Directions: In the records below, find the line that contains "this 900×1600 image.". Retype that line and all the lines after it through the end, leaving out the pictures.

:: Given data ::

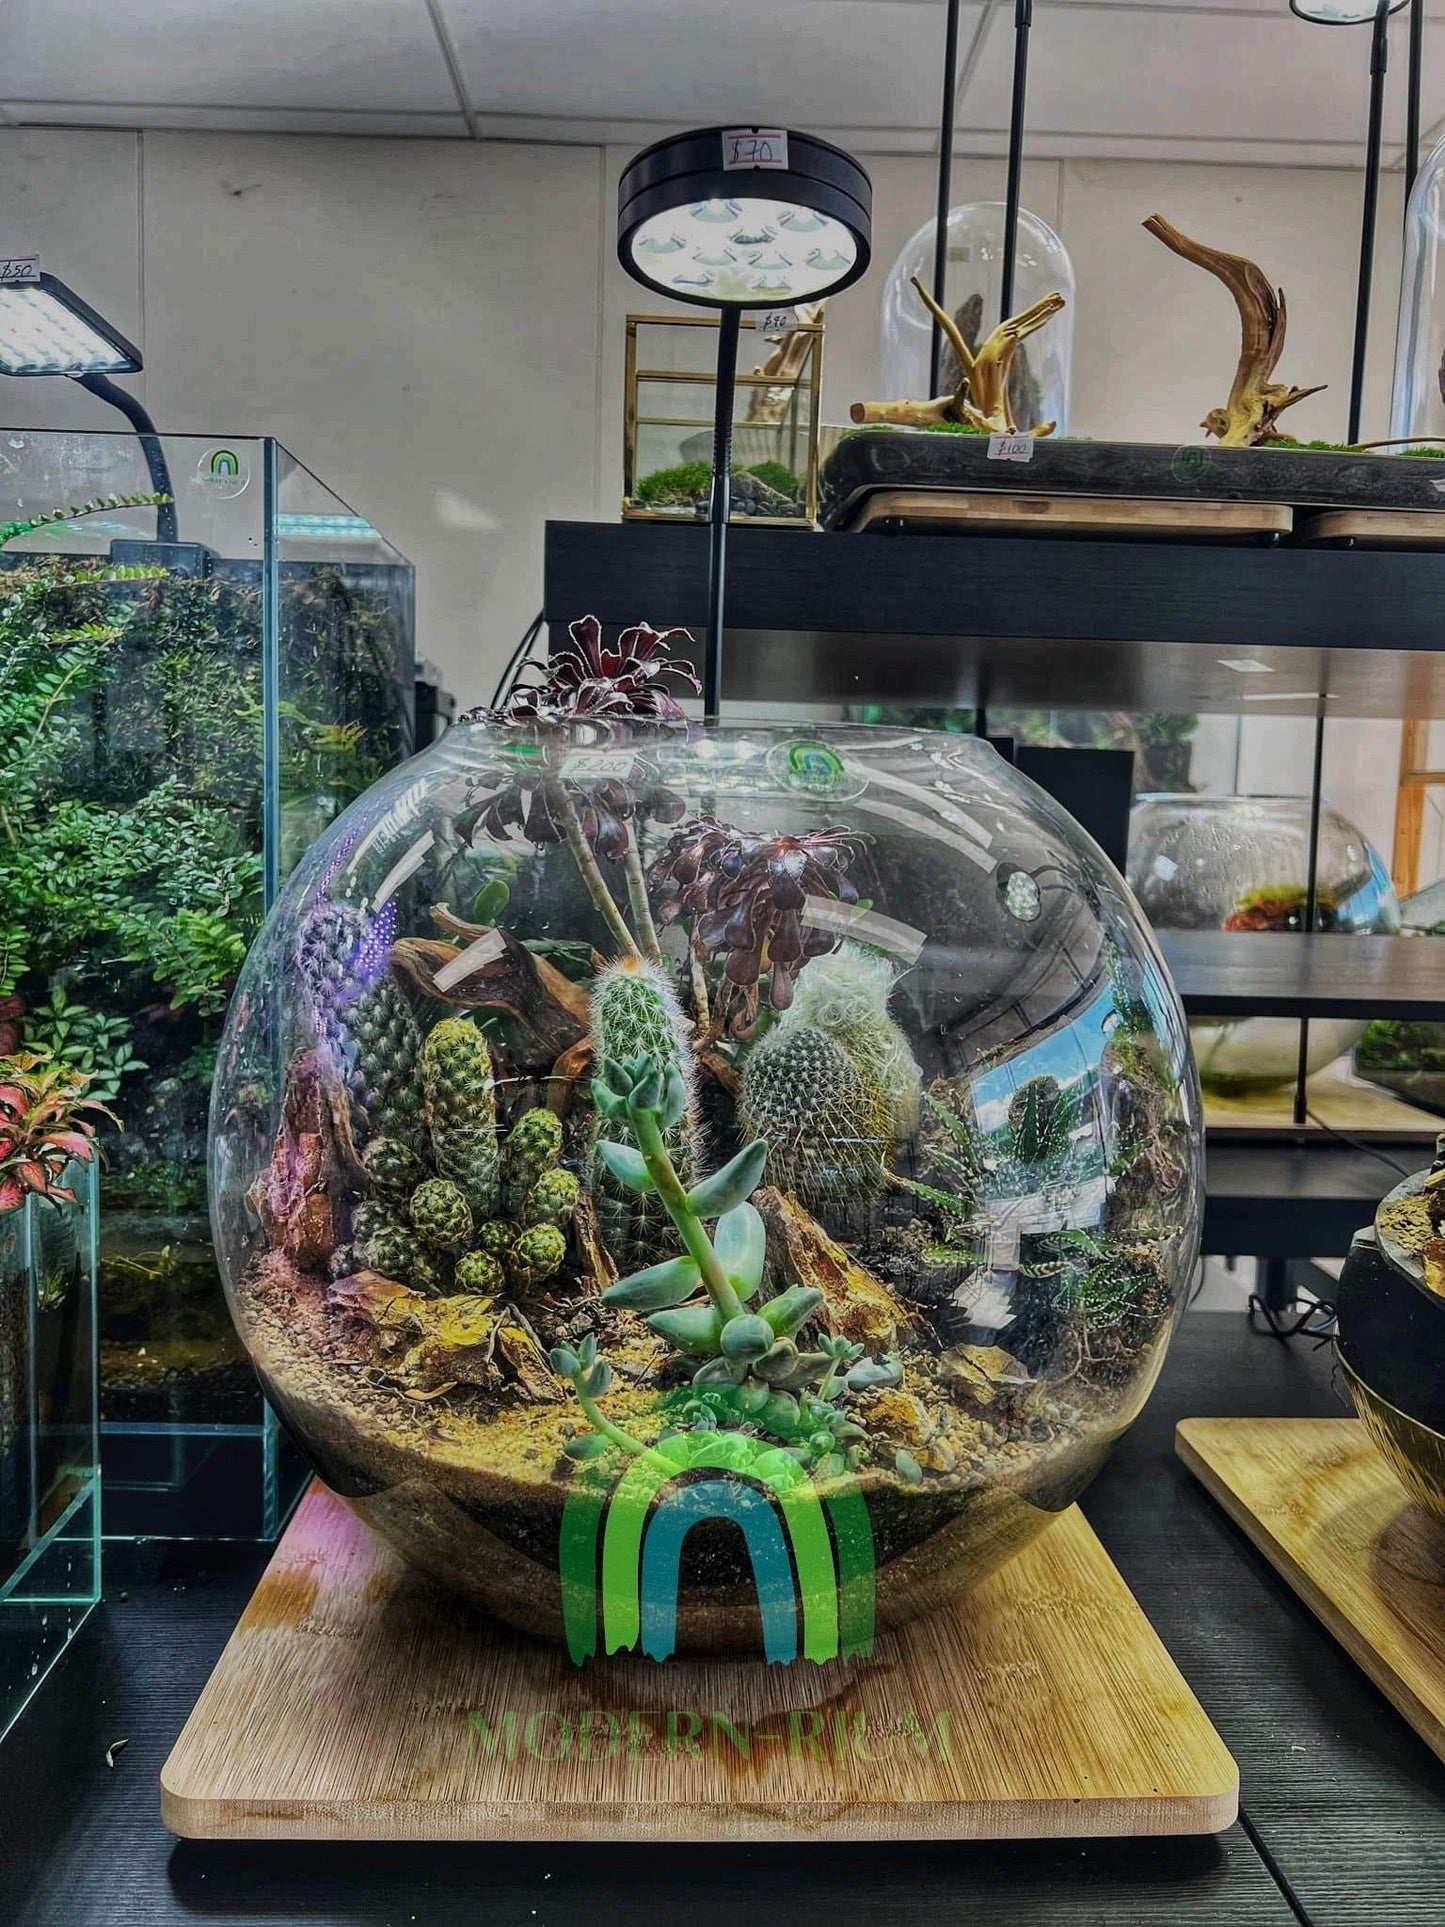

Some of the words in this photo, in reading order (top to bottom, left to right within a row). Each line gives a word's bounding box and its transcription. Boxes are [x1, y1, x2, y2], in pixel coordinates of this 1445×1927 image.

[730, 138, 773, 164] $70
[0, 261, 34, 281] $50
[998, 438, 1028, 456] $100
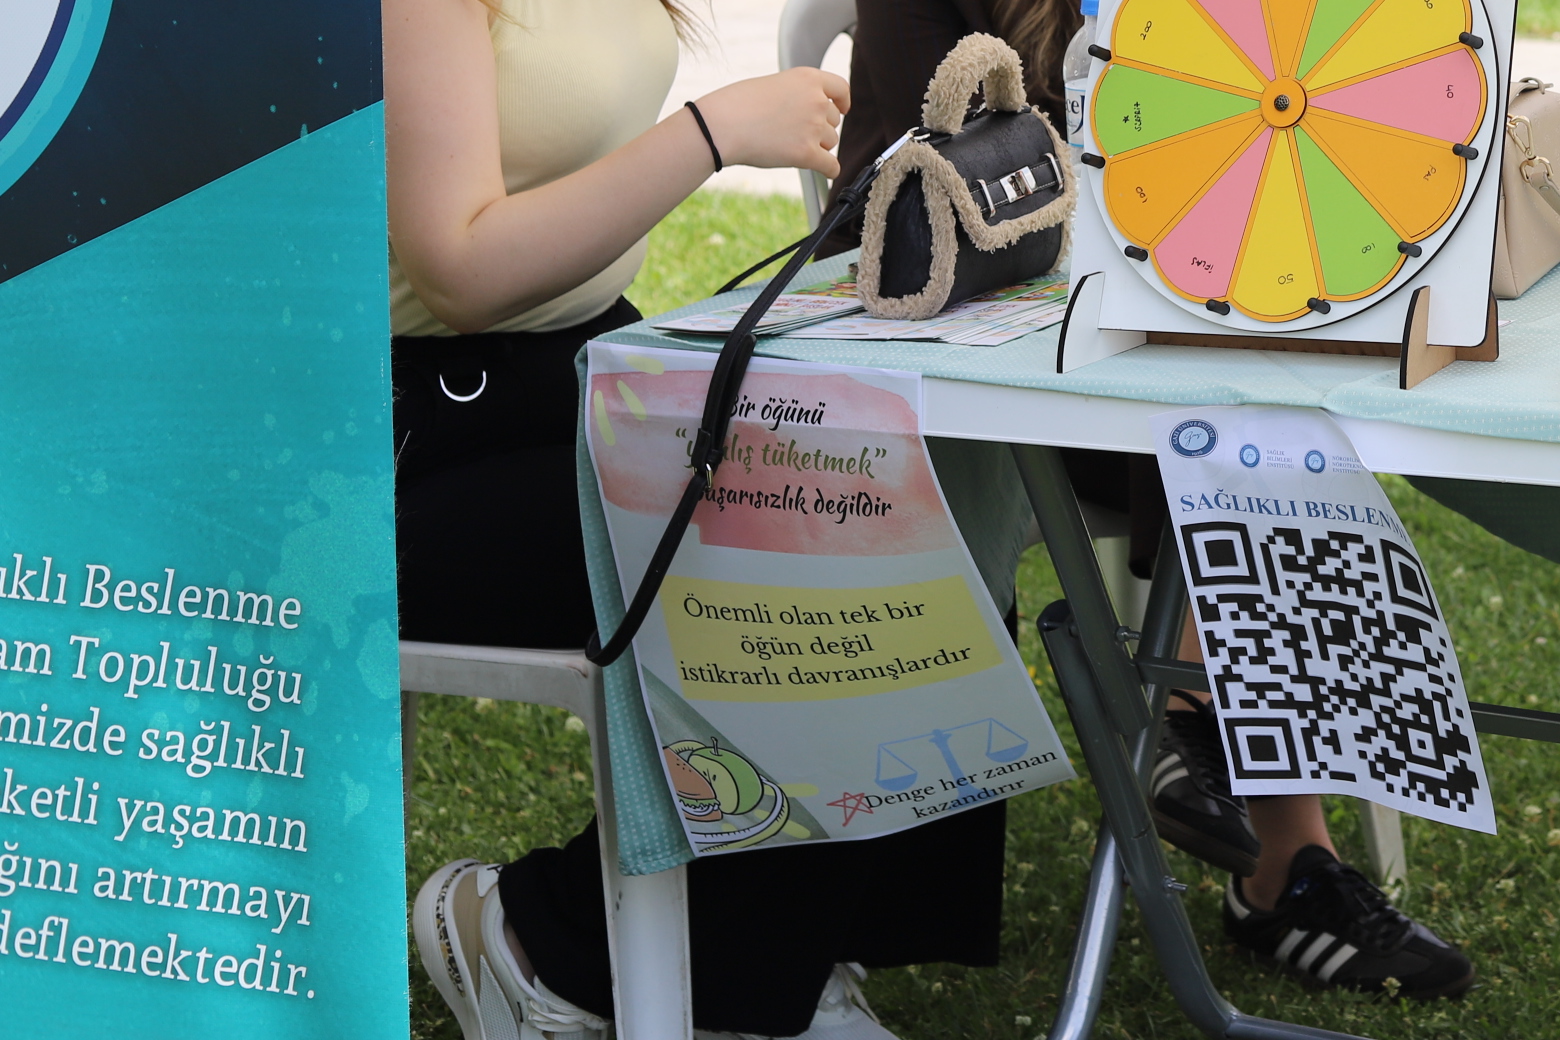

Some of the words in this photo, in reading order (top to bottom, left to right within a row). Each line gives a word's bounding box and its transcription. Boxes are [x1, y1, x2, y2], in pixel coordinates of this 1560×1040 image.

[1140, 20, 1153, 40] 200
[1277, 273, 1294, 285] 50
[761, 397, 826, 431] öğünü
[814, 488, 893, 525] değildir
[1179, 487, 1298, 517] SAĞLIKLI
[80, 564, 302, 630] Beslenme
[683, 592, 774, 626] Önemli
[778, 604, 832, 627] olan
[839, 603, 881, 625] tek
[887, 600, 926, 621] bir
[680, 662, 779, 687] istikrarlı
[787, 643, 973, 687] davranışlardır
[740, 635, 801, 661] öğün
[809, 632, 876, 659] değil
[69, 635, 303, 713] Topluluğu
[139, 720, 306, 779] sağlıklı
[864, 785, 936, 810] Denge
[939, 772, 979, 792] her
[983, 750, 1058, 780] zaman
[911, 779, 1026, 819] kazandırır
[114, 794, 309, 853] yaşamın
[93, 865, 312, 936] artırmayı
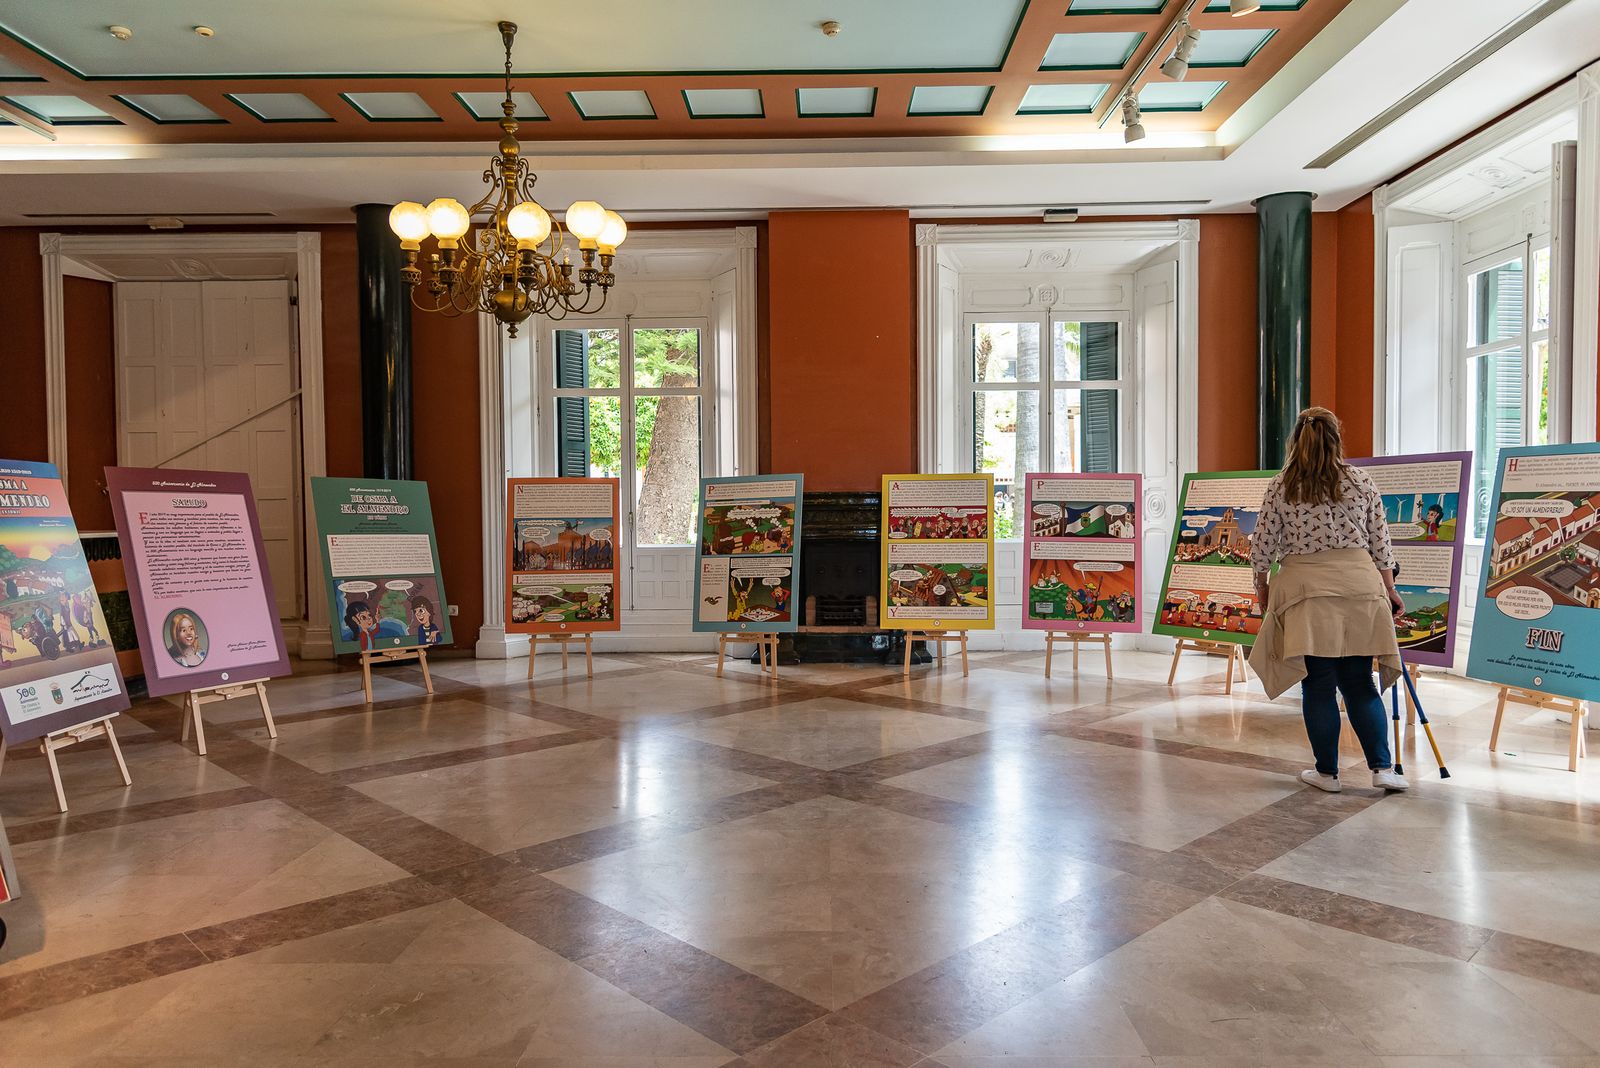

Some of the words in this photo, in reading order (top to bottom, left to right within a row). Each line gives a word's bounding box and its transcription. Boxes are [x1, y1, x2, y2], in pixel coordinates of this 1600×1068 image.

[20, 480, 28, 490] A
[172, 498, 208, 508] SALUDO
[350, 494, 364, 503] DE
[364, 494, 390, 504] OSMA
[390, 496, 398, 504] A
[340, 504, 356, 514] EL
[356, 504, 410, 514] ALMENDRO
[1525, 626, 1565, 653] FIN
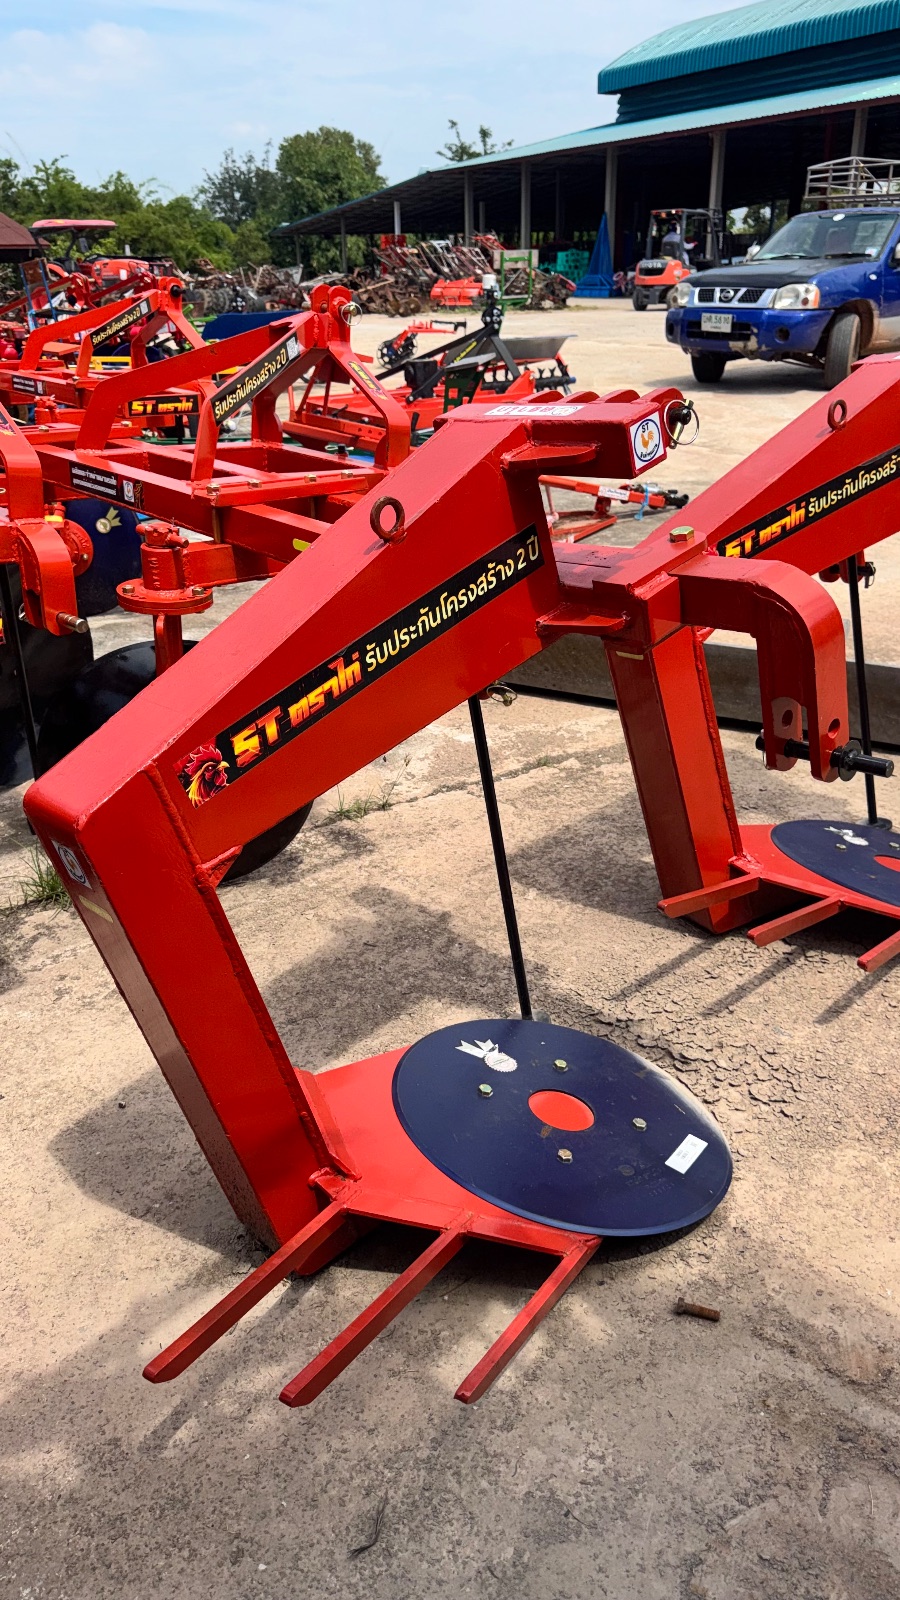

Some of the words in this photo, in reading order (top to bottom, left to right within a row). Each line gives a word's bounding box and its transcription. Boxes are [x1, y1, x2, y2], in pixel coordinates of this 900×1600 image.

[131, 399, 156, 414] ST
[214, 361, 277, 420] รับประกันโครงสร้าง
[276, 355, 282, 369] 2
[280, 347, 287, 365] ปี
[641, 421, 650, 433] ST
[724, 529, 756, 559] ST
[759, 501, 806, 546] ตราไก่
[229, 703, 285, 769] ST
[287, 651, 364, 730] ตราไก่
[365, 557, 516, 673] รับประกันโครงสร้าง
[515, 546, 527, 571] 2
[525, 534, 540, 565] ปี
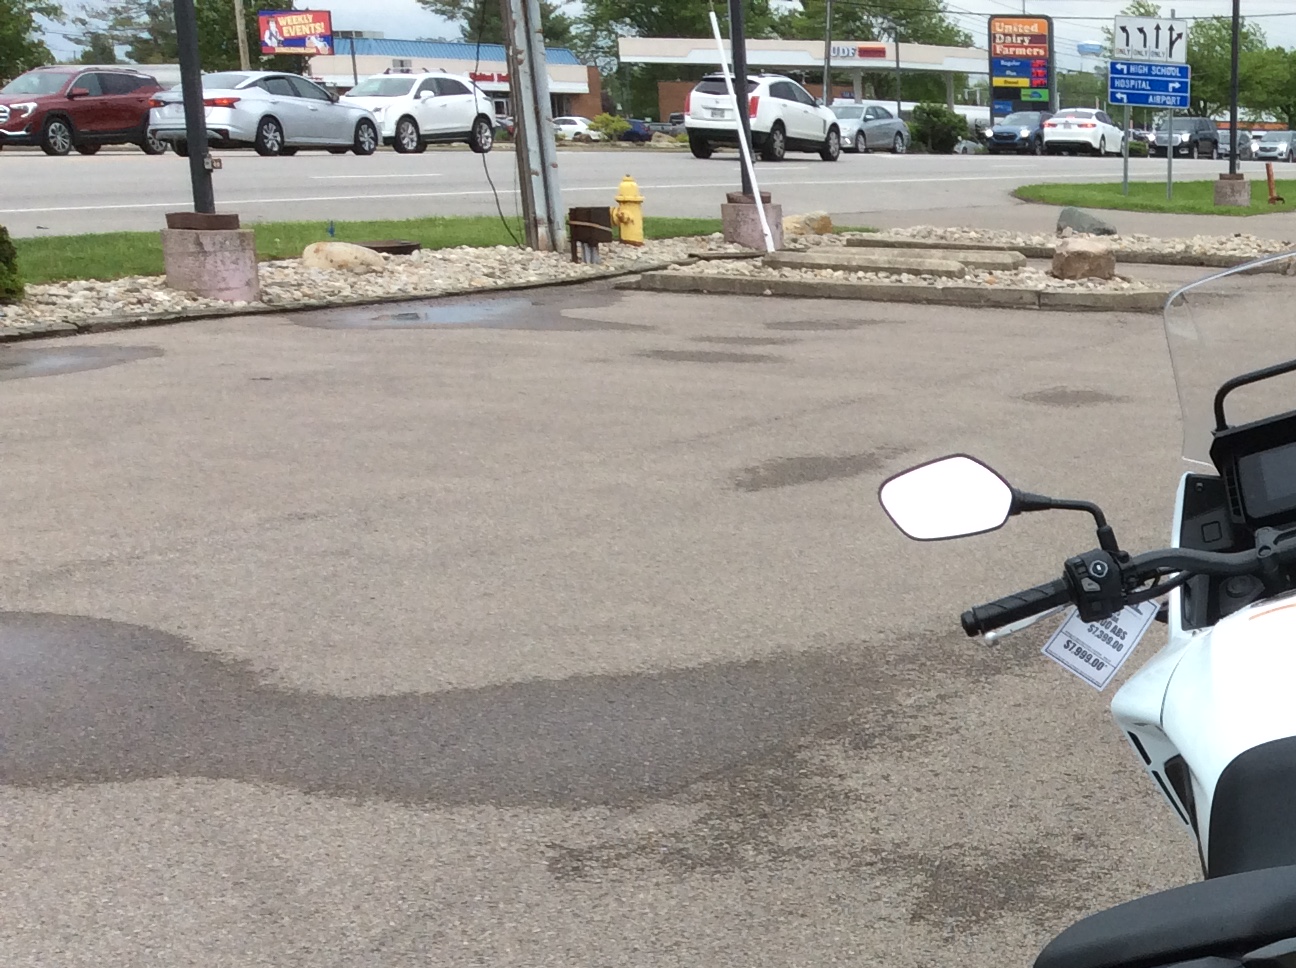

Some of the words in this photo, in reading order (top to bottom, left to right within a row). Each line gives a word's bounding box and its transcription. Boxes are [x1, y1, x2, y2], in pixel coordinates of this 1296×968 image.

:::

Answer:
Some of the words in this photo, in reading order (top to bottom, left to right within a row). Each line gives a word's bounding box and its transcription. Boxes are [x1, y1, x2, y2], in pixel coordinates of this 900×1600 image.

[131, 399, 156, 414] ST
[214, 361, 277, 420] รับประกันโครงสร้าง
[276, 355, 282, 369] 2
[280, 347, 287, 365] ปี
[641, 421, 650, 433] ST
[724, 529, 756, 559] ST
[759, 501, 806, 546] ตราไก่
[229, 703, 285, 769] ST
[287, 651, 364, 730] ตราไก่
[365, 557, 516, 673] รับประกันโครงสร้าง
[515, 546, 527, 571] 2
[525, 534, 540, 565] ปี

Some of the words in this photo, in reading order (top to bottom, left to right within a row). Each line gives a word's bounding box and its transcription. Boxes are [x1, y1, x2, y2], in pixel coordinates of this 1296×968 image.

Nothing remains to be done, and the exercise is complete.